ImageMagick version 7.1.0-49 is vulnerable to an information disclosure flaw when parsing PNG images. An attacker can craft a PNG file with a specially crafted text chunk that, when processed (e.g., during a resize operation), causes the resulting image to embed the content of an arbitrary file from the filesystem [1]. The vulnerability only arises if the magick binary has read permissions for the targeted file.

Exploitation

To exploit the vulnerability, an attacker submits a maliciously crafted PNG image to the target system where ImageMagick processes it. No authentication is required beyond the ability to upload or present a PNG file to the application (e.g., via a web upload form or command-line invocation). The processing step (such as convert, identify, or any tool that parses the PNG) triggers the file read [1]. The attacker does not need write access on the target system.

Impact

Successful exploitation results in information disclosure: the output image contains the contents of any file that the ImageMagick process can read.

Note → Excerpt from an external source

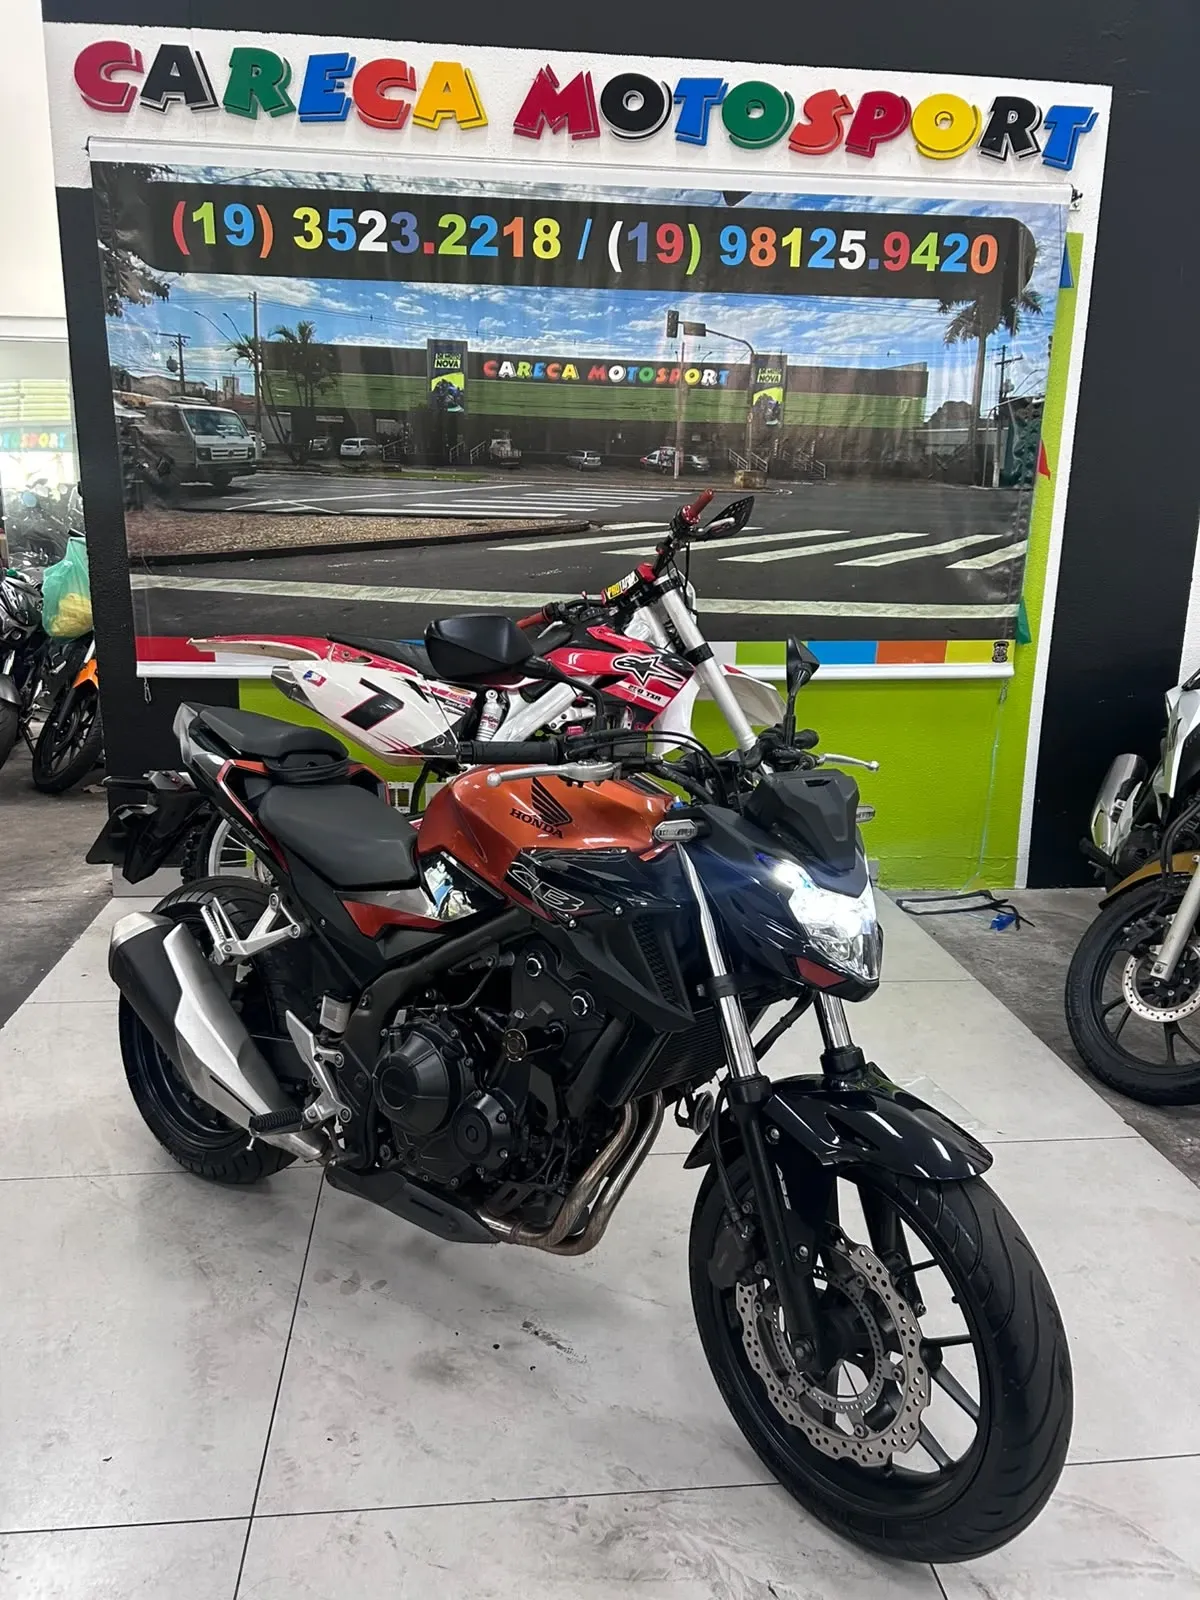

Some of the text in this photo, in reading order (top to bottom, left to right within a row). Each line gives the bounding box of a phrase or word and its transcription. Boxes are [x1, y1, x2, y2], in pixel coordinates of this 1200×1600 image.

This can leak sensitive data such as application configuration files, environment variables, SSH keys, or source code. The impact is limited to file content exposure; arbitrary code execution or modification of data is not achieved directly.

Mitigation

The vulnerability was fixed in later releases of ImageMagick. Upgrading to version 7.1.0-50 or newer (the current stable release as of the advisory is 7.1.2-23) eliminates the flaw [1]. If upgrading is not immediately possible, organizations can restrict file system access for the ImageMagick process using security policies (e.g., policy.xml to limit allowed file paths) and avoid processing PNG images from untrusted sources.